▶ **Data for analysis**
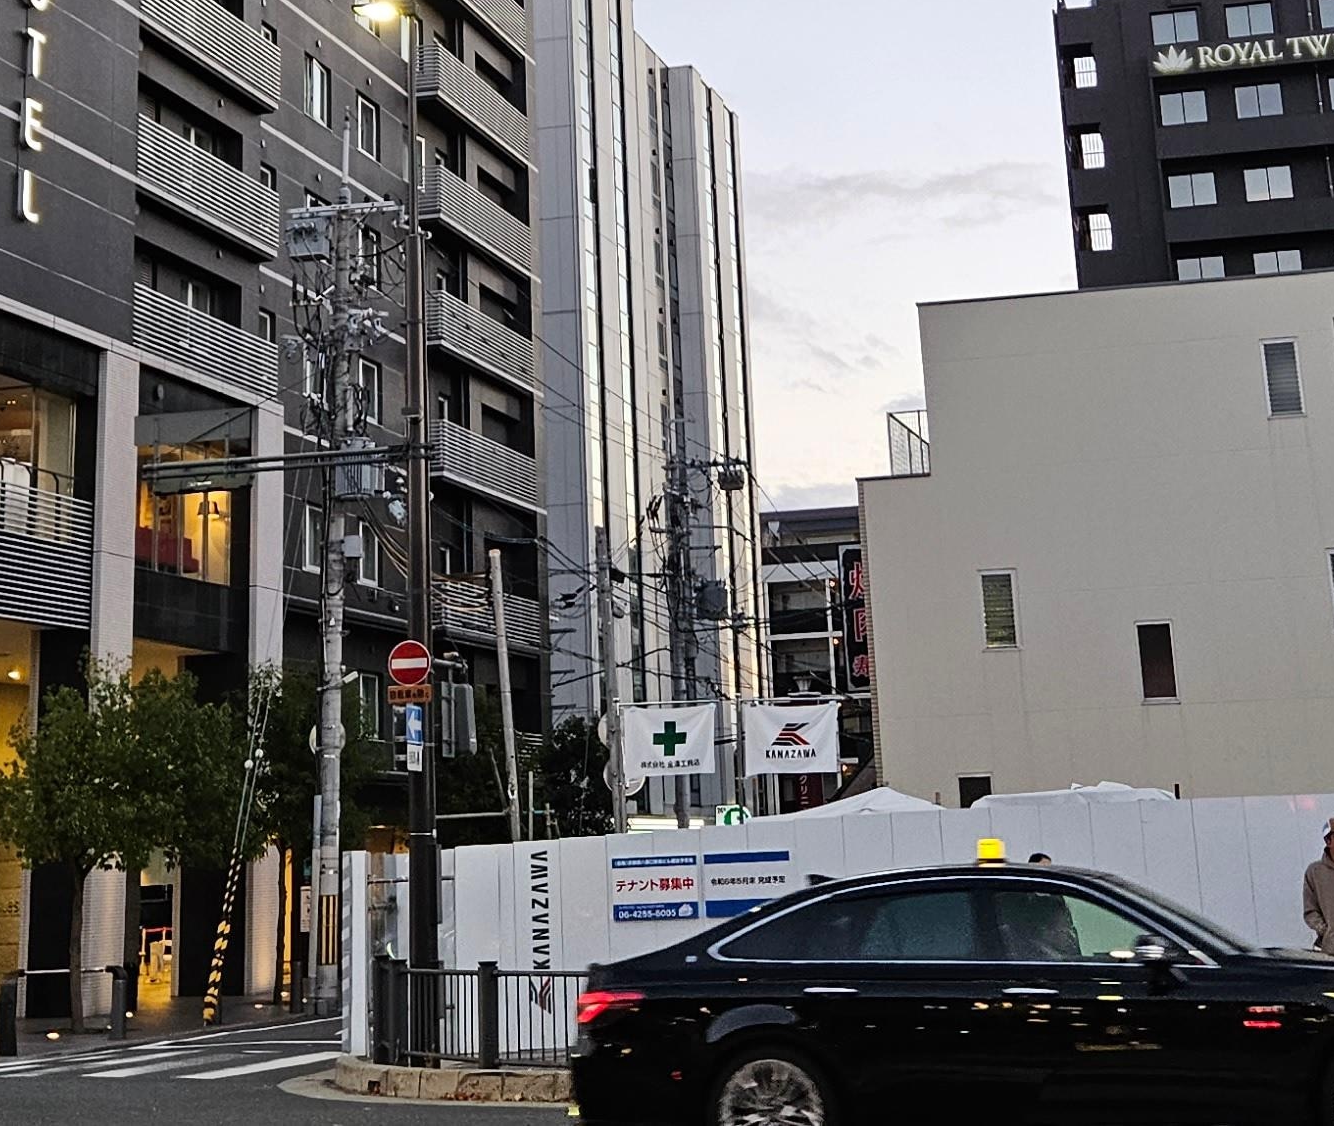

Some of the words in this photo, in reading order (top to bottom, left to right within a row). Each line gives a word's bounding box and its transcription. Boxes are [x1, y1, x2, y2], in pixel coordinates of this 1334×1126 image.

[1197, 40, 1284, 69] ROYAL
[765, 748, 817, 760] KANAZAWA
[616, 877, 695, 893] テナント募集中
[530, 850, 551, 970] KANAZAWA
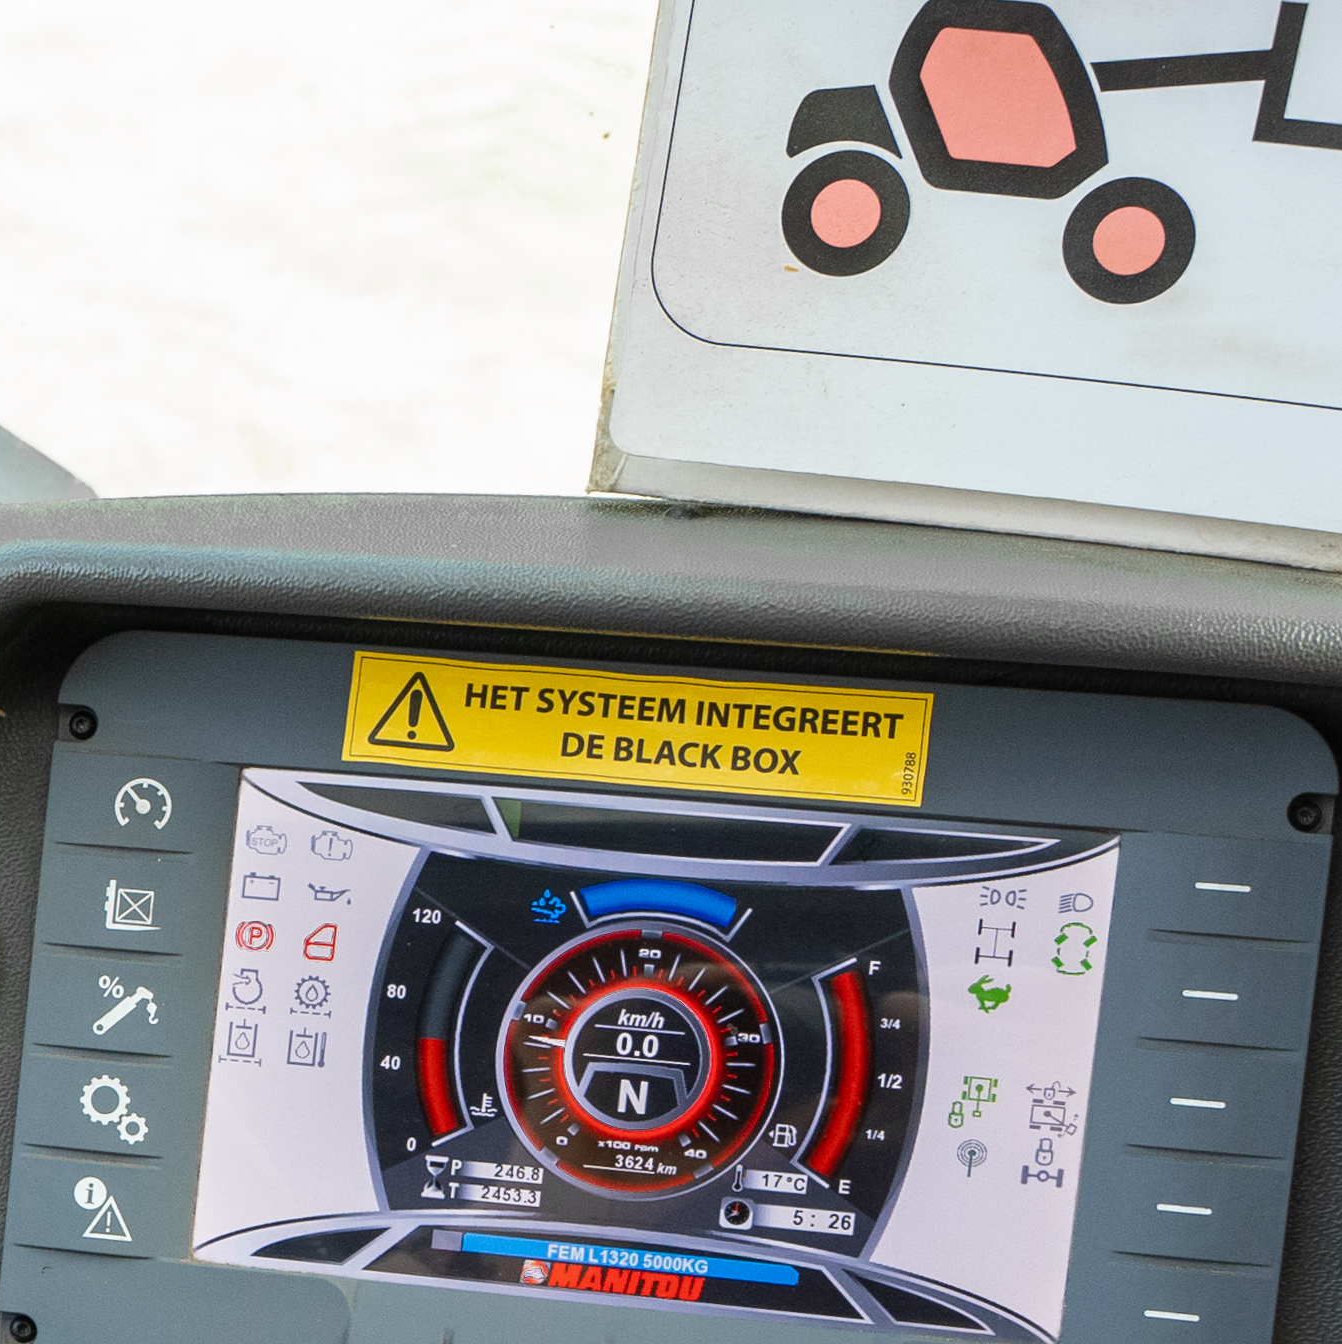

▶ **What you need to do**
Produce the entries above once more, exactly as given, with each picture left out.

▶ **Output**
Some of the words in this photo, in reading order (top to bottom, left to right within a row). Each line gives a word's bounding box and its transcription. Boxes are [x1, y1, x2, y2], in pixel coordinates of this 1334×1126 image.

[1197, 40, 1284, 69] ROYAL
[765, 748, 817, 760] KANAZAWA
[616, 877, 695, 893] テナント募集中
[530, 850, 551, 970] KANAZAWA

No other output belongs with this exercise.